Las potencias nucleares casi todas publican políticas específicas en que buscan definir las condiciones de posible uso de sus armas. Esas políticas no son todas iguales y presentan variaciones en el tiempo. Ninguno de esos textos o discursos nos puede tranquilizar. Convengamos que si tuviéramos total garantía el problema perdería mucho de su importancia. Hace mucho tiempo, por cierto, que los países que no tienen armas nucleares piden que los poseedores firmen un tratado garantizando que no usarán sus armas en contra de los que no las tienen. Las potencias nucleares declaran tal garantía, mas no aceptan firmar un contrato.
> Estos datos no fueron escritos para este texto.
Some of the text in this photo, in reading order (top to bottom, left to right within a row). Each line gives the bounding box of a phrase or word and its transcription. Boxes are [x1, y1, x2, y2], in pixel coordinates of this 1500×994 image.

Hay una creciente preocupación con la seguridad nuclear. Libros y artículos nos cuentan cada vez más acerca de ocurrencias, errores y accidentes que, varias veces, casi llevaron al mundo al temido Armagedón nuclear. Por otro lado, se expande y se organiza el terrorismo y no podemos estar seguros de que no podrá obtener armas nucleares de una u otra forma.

 Desde mucho tiempo atrás conocemos las teorías estratégicas entorno al concepto de disuasión, que es el centro de la argumentación de las potencias nucleares y sus aliados. Libros, documentos de trabajo, artículos, toda una biblioteca producida por sofisticados intelectuales y técnicos debían de convencernos, pero no lo logran.
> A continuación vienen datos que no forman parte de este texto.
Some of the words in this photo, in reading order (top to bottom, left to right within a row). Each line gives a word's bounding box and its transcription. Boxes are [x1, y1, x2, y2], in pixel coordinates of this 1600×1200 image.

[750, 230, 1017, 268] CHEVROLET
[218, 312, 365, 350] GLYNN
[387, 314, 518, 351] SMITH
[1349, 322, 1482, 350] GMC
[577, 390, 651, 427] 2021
 El 23 de diciembre, la Asamblea General de las Naciones Unidas adoptó una Resolución que convoca, para 2017, una conferencia de las Naciones Unidas para negociar un tratado de prohibición de las armas nucleares. Si son prohibidas, como ya es el caso de las armas biológicas y químicas, también   clasificadas como armas de destrucción masiva, las nucleares pasan a ser ilegales. Hasta hoy no lo son.

Es interesante notar que cuatro de los países poseedores de armas nucleares no votaran contra la mencionada resolución de la Asamblea General. Aun así no seremos ingenuos de pensar que las potencias nucleares van todas inmediatamente a aceptar la prohibición. Pero no les será agradable que entre en vigor tal norma de derecho internacional y sus poblaciones se darán cuenta del problema.

La prohibición no será el fin del camino, pero abrirá la vía para la eliminación de las armas nucleares.

El Caribe y América Latina están festejando los 50 años desde que, contra vientos y mareas, tomaron la decisión, por el Tratado de Tlatelolco, de prohibir en nuestra región y mares adyacentes cualquier arma nuclear. Los cinco países que en ese entonces tenían armas nucleares firmaron protocolos por los cuales se comprometen a respetar el tratado. Hemos sido pioneros en la prohibición de las armas nucleares. Tlatelolco ha funcionado sin falla en esas cinco décadas y así ha de seguir.

El científico estadunidense Carl Sagan describió lo que sería el resultado de una guerra nuclear como “el invierno nuclear”.

Estamos hoy viviendo, gracias a la gran mayoría de la comunidad internacional, una “primavera nuclear”.

Embajador, secretario general del Organismo

para la Proscripción de las Armas Nucleares

en la América Latina y el Caribe (Opanal).